Free-text object descriptions
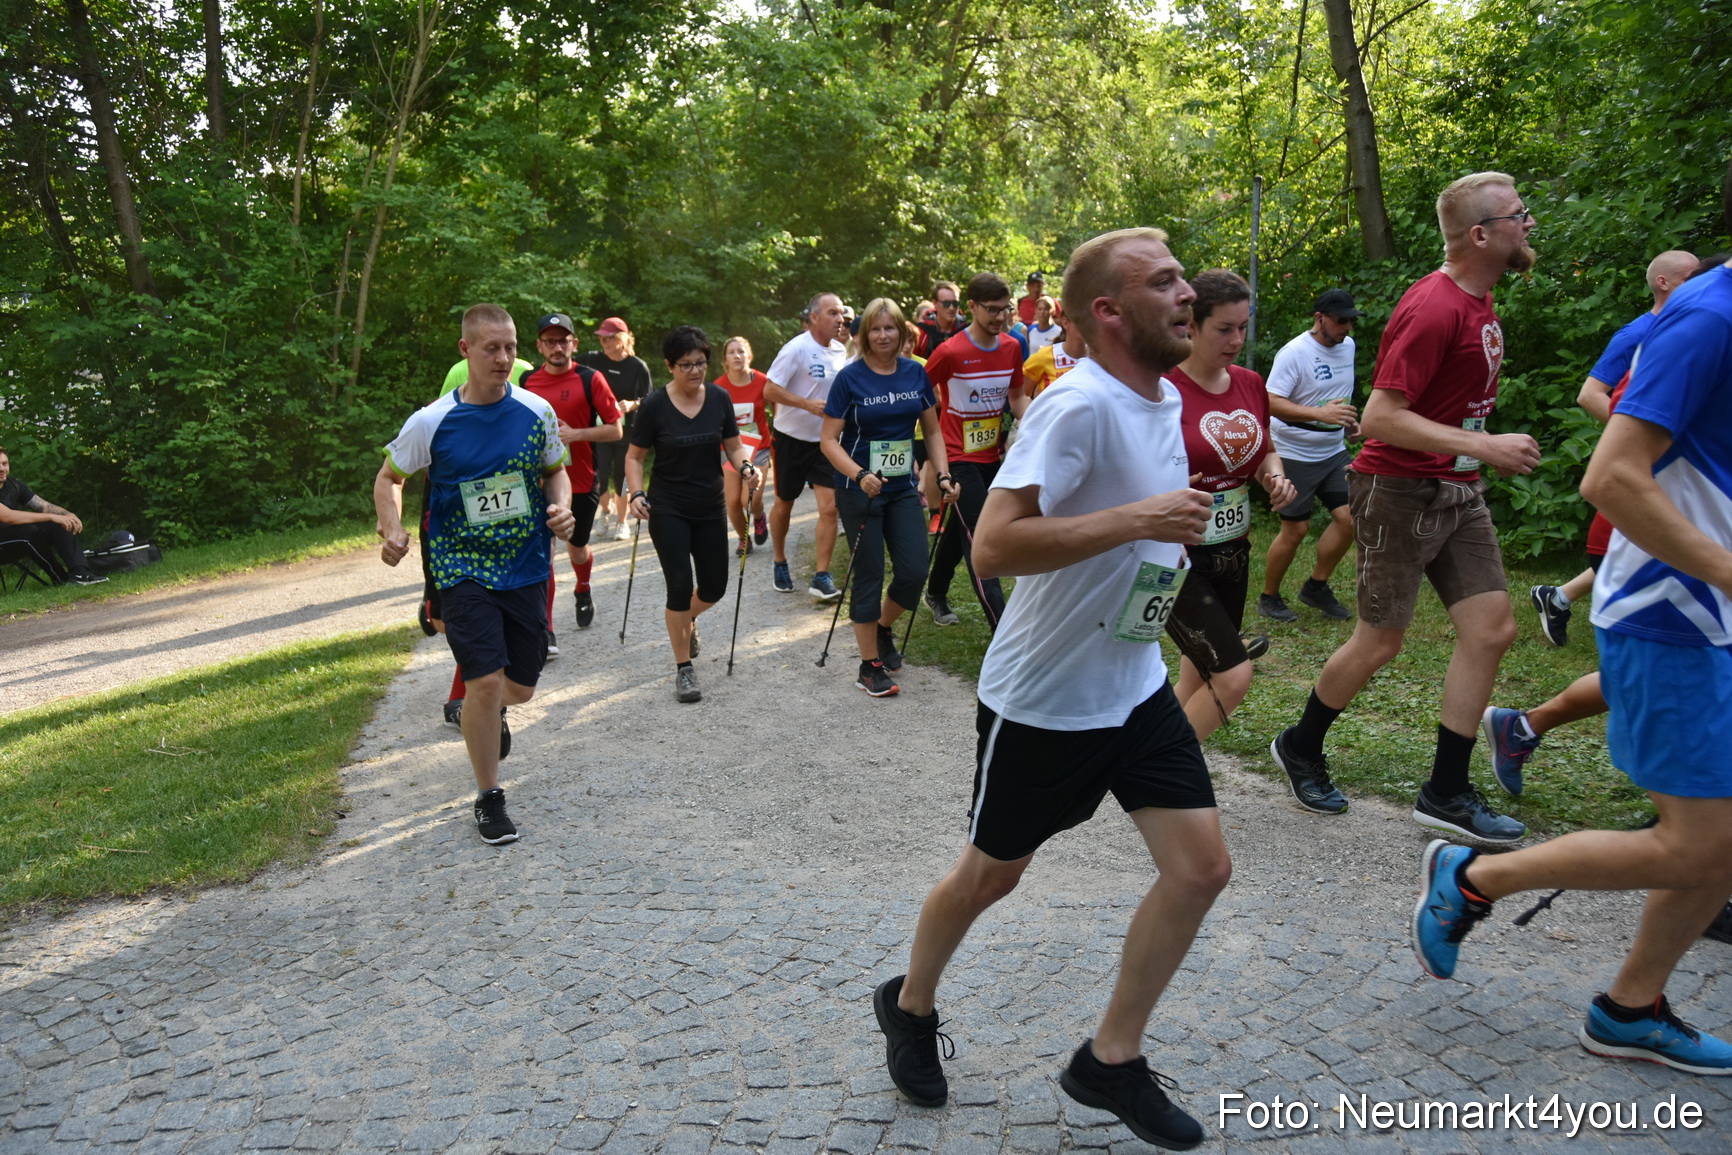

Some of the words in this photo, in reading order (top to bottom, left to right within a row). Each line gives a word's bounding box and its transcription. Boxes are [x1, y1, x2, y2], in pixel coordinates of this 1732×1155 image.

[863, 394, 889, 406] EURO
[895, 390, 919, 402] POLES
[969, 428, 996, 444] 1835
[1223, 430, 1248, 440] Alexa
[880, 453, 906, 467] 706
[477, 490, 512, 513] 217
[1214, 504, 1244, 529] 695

> _Prompt_
Each entry above is to be duplicated exactly, and its pictures omitted.

> _Problem solution_
Some of the words in this photo, in reading order (top to bottom, left to right within a row). Each line gives a word's bounding box and its transcription. Boxes are [x1, y1, x2, y2], in pixel coordinates of this 1732×1155 image.

[863, 394, 889, 406] EURO
[895, 390, 919, 402] POLES
[969, 428, 996, 444] 1835
[1223, 430, 1248, 440] Alexa
[880, 453, 906, 467] 706
[477, 490, 512, 513] 217
[1214, 504, 1244, 529] 695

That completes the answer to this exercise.